#### Problem details
Exact copies of all entries are needed. Pictures are to be left out.

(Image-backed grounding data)

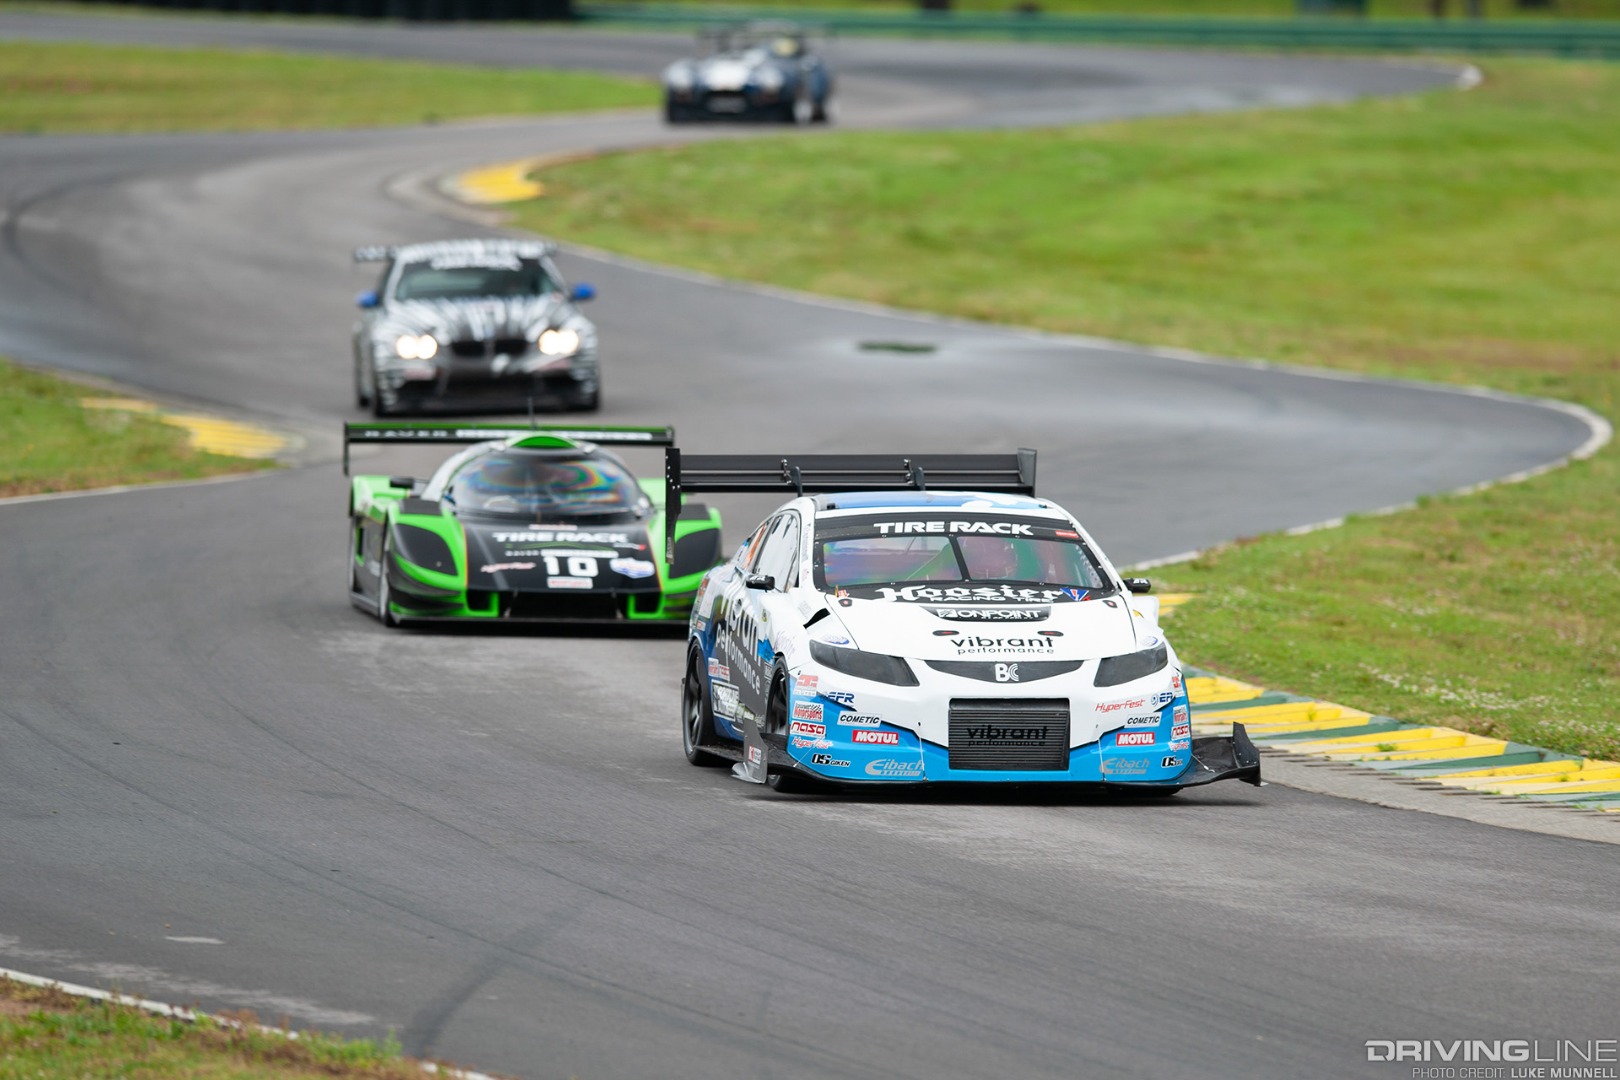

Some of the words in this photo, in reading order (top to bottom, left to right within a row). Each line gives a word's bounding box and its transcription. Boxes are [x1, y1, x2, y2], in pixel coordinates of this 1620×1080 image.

[873, 521, 945, 534] TIRE
[950, 521, 1034, 536] RACK
[492, 532, 554, 542] TIRE
[555, 532, 629, 543] RACK
[875, 585, 1063, 602] Hoosier
[957, 610, 1042, 619] ONPOINT
[951, 637, 1053, 647] vibrant
[715, 622, 760, 696] performance
[1095, 700, 1146, 713] HyperFest
[840, 714, 880, 724] COMETIC
[1127, 716, 1160, 725] COMETIC
[856, 732, 898, 743] MOTUL
[966, 725, 1048, 740] vibrant
[1118, 733, 1154, 745] MOTUL
[865, 759, 924, 776] Eibach
[1101, 757, 1150, 773] Eibach
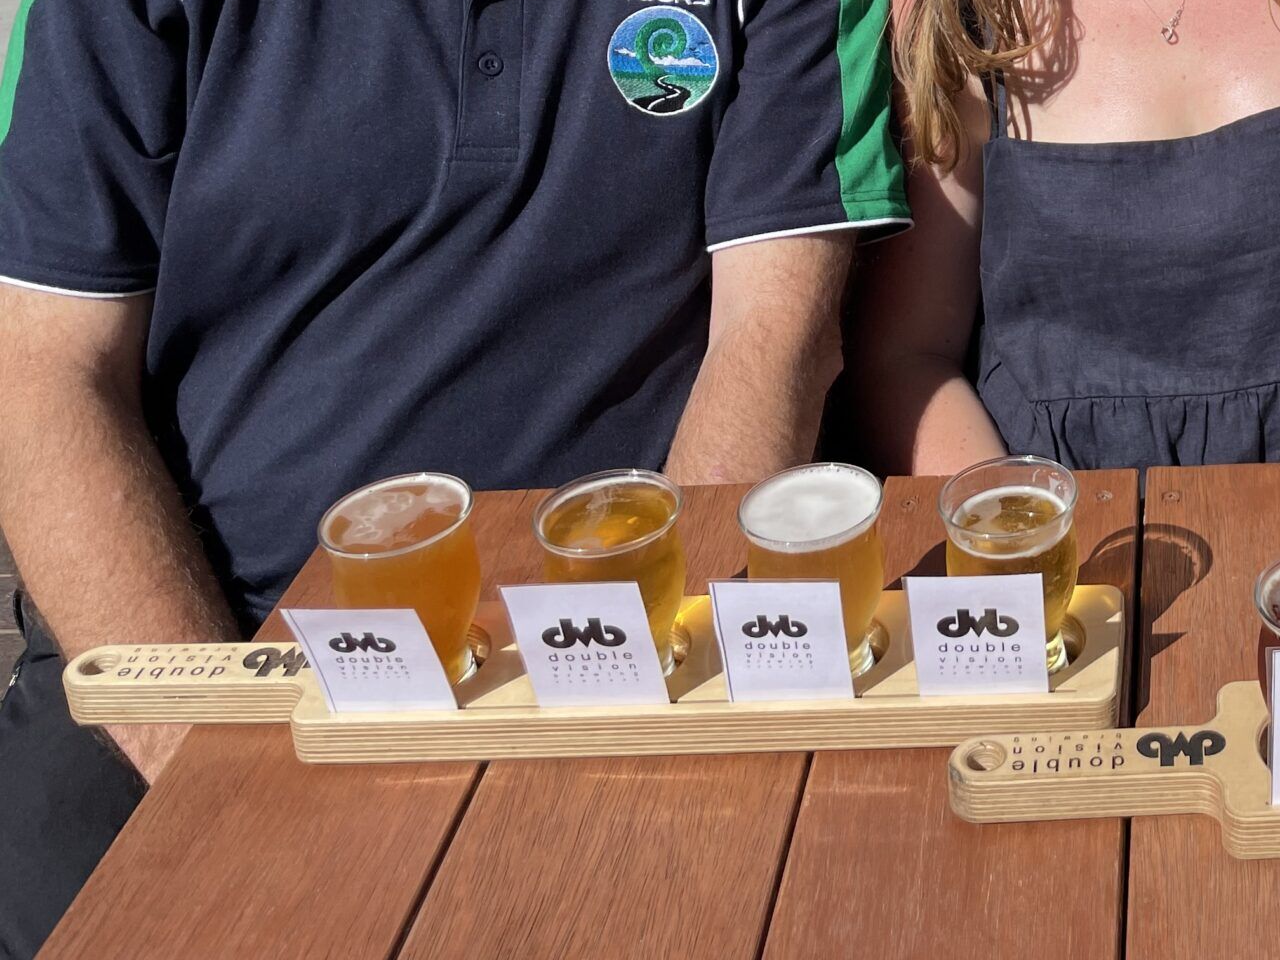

#### Response area
Some of the words in this photo, in reading order (top to bottom, left to right within a row). Each line gives a word's bounding box and its transcription. Boxes are [x1, y1, x2, y2], in pixel coordinates of this 1620×1080 image.

[873, 521, 945, 534] TIRE
[950, 521, 1034, 536] RACK
[492, 532, 554, 542] TIRE
[555, 532, 629, 543] RACK
[875, 585, 1063, 602] Hoosier
[957, 610, 1042, 619] ONPOINT
[951, 637, 1053, 647] vibrant
[715, 622, 760, 696] performance
[1095, 700, 1146, 713] HyperFest
[840, 714, 880, 724] COMETIC
[1127, 716, 1160, 725] COMETIC
[856, 732, 898, 743] MOTUL
[966, 725, 1048, 740] vibrant
[1118, 733, 1154, 745] MOTUL
[865, 759, 924, 776] Eibach
[1101, 757, 1150, 773] Eibach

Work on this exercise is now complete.